== Given records ==

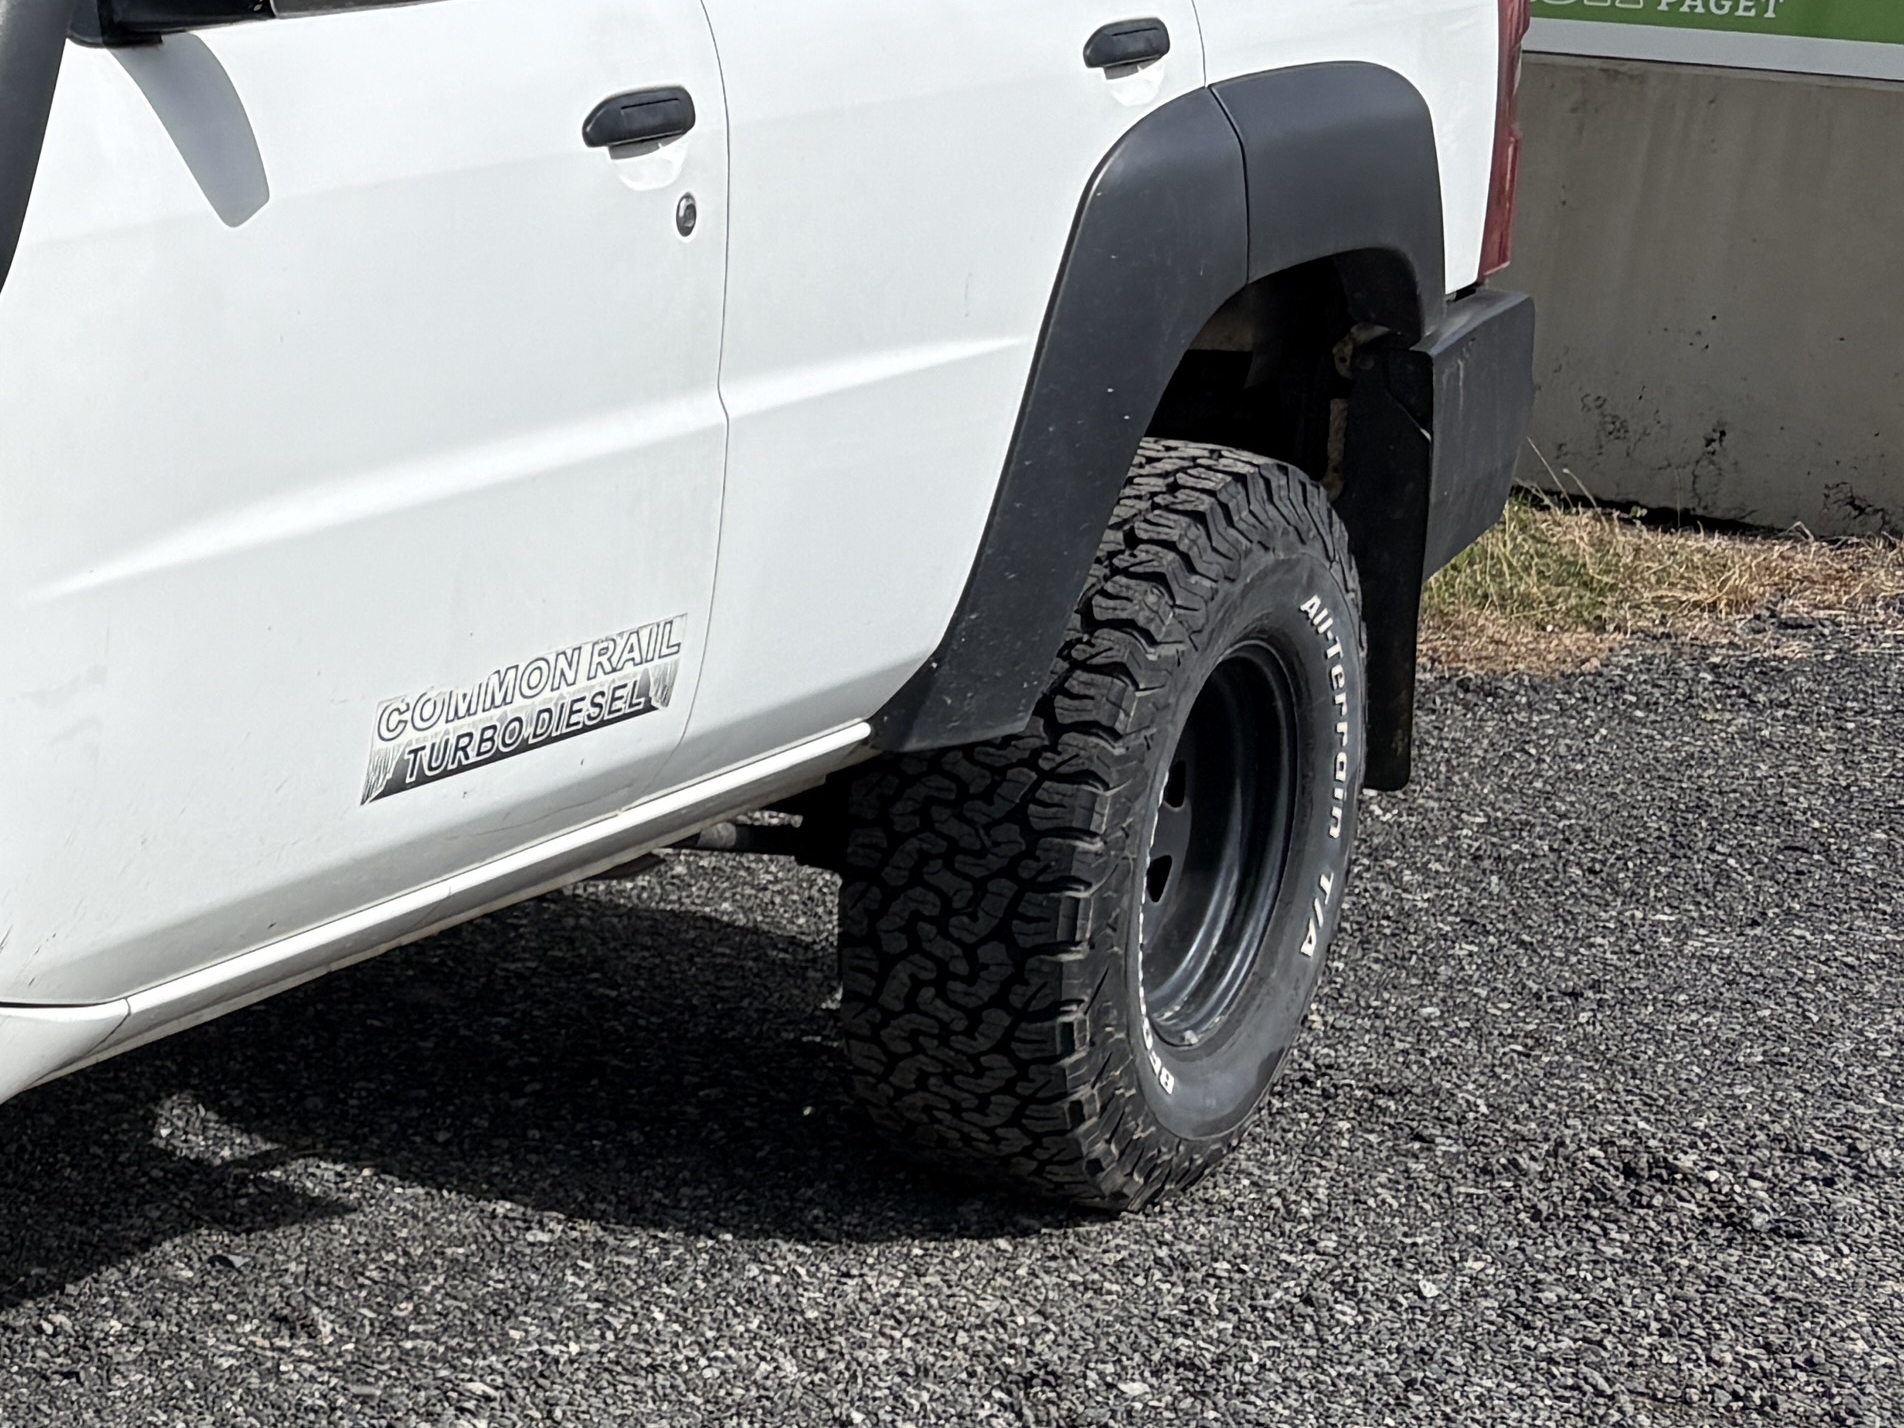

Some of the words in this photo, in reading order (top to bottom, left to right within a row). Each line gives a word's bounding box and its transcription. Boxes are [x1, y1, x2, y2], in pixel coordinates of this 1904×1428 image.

[376, 644, 583, 743] COMMON
[586, 618, 683, 682] RAIL
[403, 714, 526, 784] TURBO
[530, 676, 648, 749] DIESEL

===

### What the task requires
Reproduce the full listing above verbatim, with no pictures included.

### Written response
Some of the words in this photo, in reading order (top to bottom, left to right within a row). Each line gives a word's bounding box and its transcription. Boxes are [x1, y1, x2, y2], in pixel coordinates of this 1904×1428 image.

[376, 644, 583, 743] COMMON
[586, 618, 683, 682] RAIL
[403, 714, 526, 784] TURBO
[530, 676, 648, 749] DIESEL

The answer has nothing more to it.